El Gobierno argentino ha hecho oficial la renuncia de Carlos Frugoni del cargo de secretario de Coordinación de Infraestructura, un cambio significativo en un área crucial para la gestión de obras y proyectos de inversión del país. Esta decisión se produce en un contexto de creciente preocupación sobre la transparencia en la función pública, luego de que se revelara que Frugoni no había declarado al menos siete propiedades ubicadas en Miami ante las autoridades competentes. La denuncia de estas irregularidades llevó a una serie de cuestionamientos que culminaron en su salida del gabinete.

La formalización de la renuncia de Frugoni fue publicada en el Boletín Oficial mediante el Decreto 286/2026, donde también se notificó la designación de su sucesor, el arquitecto Fernando Herrmann. Esta elección, que se enmarca dentro de un movimiento interno del Gobierno, busca asegurar la continuidad en un área crítica para la ejecución de obras y la gestión de concesiones. La designación de Herrmann, quien anteriormente se desempeñaba como secretario de Transporte, refleja la intención del Ejecutivo de mantener una línea de trabajo estable en un sector donde la coordinación es esencial.

La situación que llevó a la salida de Frugoni se tornó insostenible tras la difusión de información relacionada con su patrimonio, que incluía múltiples propiedades adquiridas entre 2020 y 2022, y que no fueron declaradas ante la Oficina Anticorrupción ni ante la Agencia de Recuperación de Activos y Bienes. Frente a esto, el exfuncionario admitió su error al reconocer que se encontraba en un proceso de regularización de sus declaraciones patrimoniales. Este tipo de omisiones genera un clima de desconfianza en la gestión pública y pone en evidencia la necesidad de mayores controles y transparencia por parte de los funcionarios.

Los registros del condado de Palm Beach revelaron que Frugoni poseía al menos cinco propiedades en Florida, cada una con un valor aproximado de 215.000 dólares. Estas revelaciones no solo han suscitado críticas dentro del oficialismo, que ha calificado el hecho como “grave”, sino que también han derivado en denuncias judiciales por presunto ocultamiento patrimonial, las cuales se encuentran en manos del juzgado federal a cargo de Daniel Rafecas. La magnitud de este escándalo resalta la urgencia de implementar medidas que garanticen la transparencia y la rendición de cuentas en la administración pública.

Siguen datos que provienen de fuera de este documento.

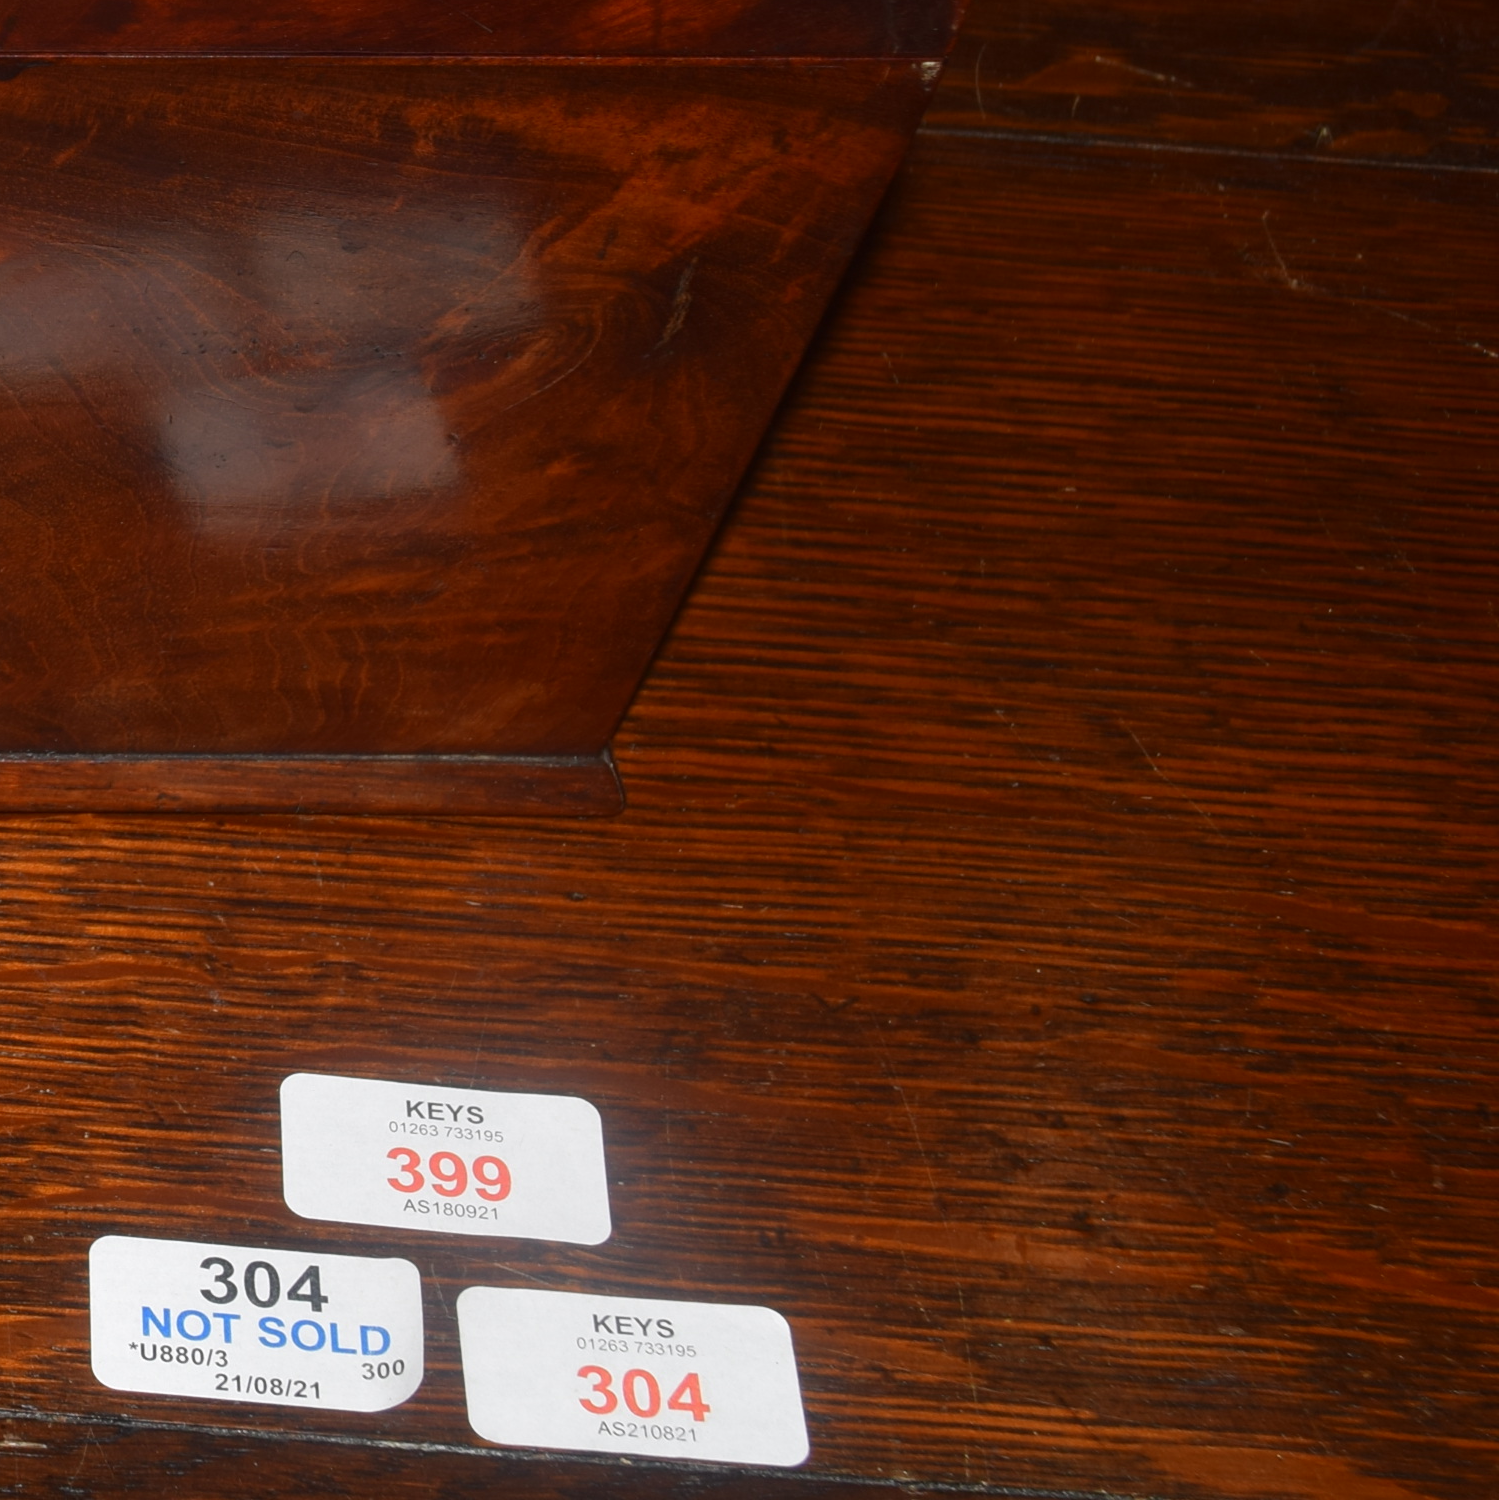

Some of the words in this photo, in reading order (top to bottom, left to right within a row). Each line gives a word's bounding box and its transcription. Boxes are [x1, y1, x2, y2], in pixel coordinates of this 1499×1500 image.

Fernando Herrmann, el nuevo nombrado para liderar la Secretaría de Coordinación de Infraestructura, cuenta con una sólida formación académica y una extensa trayectoria profesional en el ámbito de la arquitectura y la gestión de infraestructura. Egresado de la Universidad de Belgrano y con un posgrado en administración de empresas, Herrmann ha acumulado más de tres décadas de experiencia en el sector privado, donde se destacó al frente de su propio estudio y como socio gerente de una firma dedicada a desarrollos constructivos. Esta experiencia técnica es vista como un activo valioso, especialmente en un cargo que requiere de habilidades específicas para la gestión de proyectos complejos.

En el ámbito académico, Herrmann ha colaborado con diversas instituciones, incluyendo la FADU y el Consejo Profesional de Arquitectura y Urbanismo, lo que añade un componente relevante a su perfil profesional. Su llegada a la Secretaría de Coordinación de Infraestructura se produce en un momento en que el Gobierno busca cerrar rápidamente la crisis provocada por el caso Frugoni y reafirmar su compromiso con una gestión eficaz en la implementación de obras públicas. Herrmann asumirá la responsabilidad de coordinar proyectos de infraestructura, licitaciones y la articulación de obras bajo la órbita del Ministerio de Economía.

Este cambio en el gabinete también implica la asunción de Mariano Ignacio Plencovich como nuevo secretario de Transporte, lo que reconfigura el equipo de trabajo del Ministerio de Economía en un momento crucial para el desarrollo de políticas de inversión y infraestructura. La gestión de Herrmann será observada de cerca, ya que se espera que aporte no solo su experiencia técnica, sino también un enfoque renovado hacia la transparencia y la eficiencia en la gestión pública, claves para restablecer la confianza en la administración del Gobierno.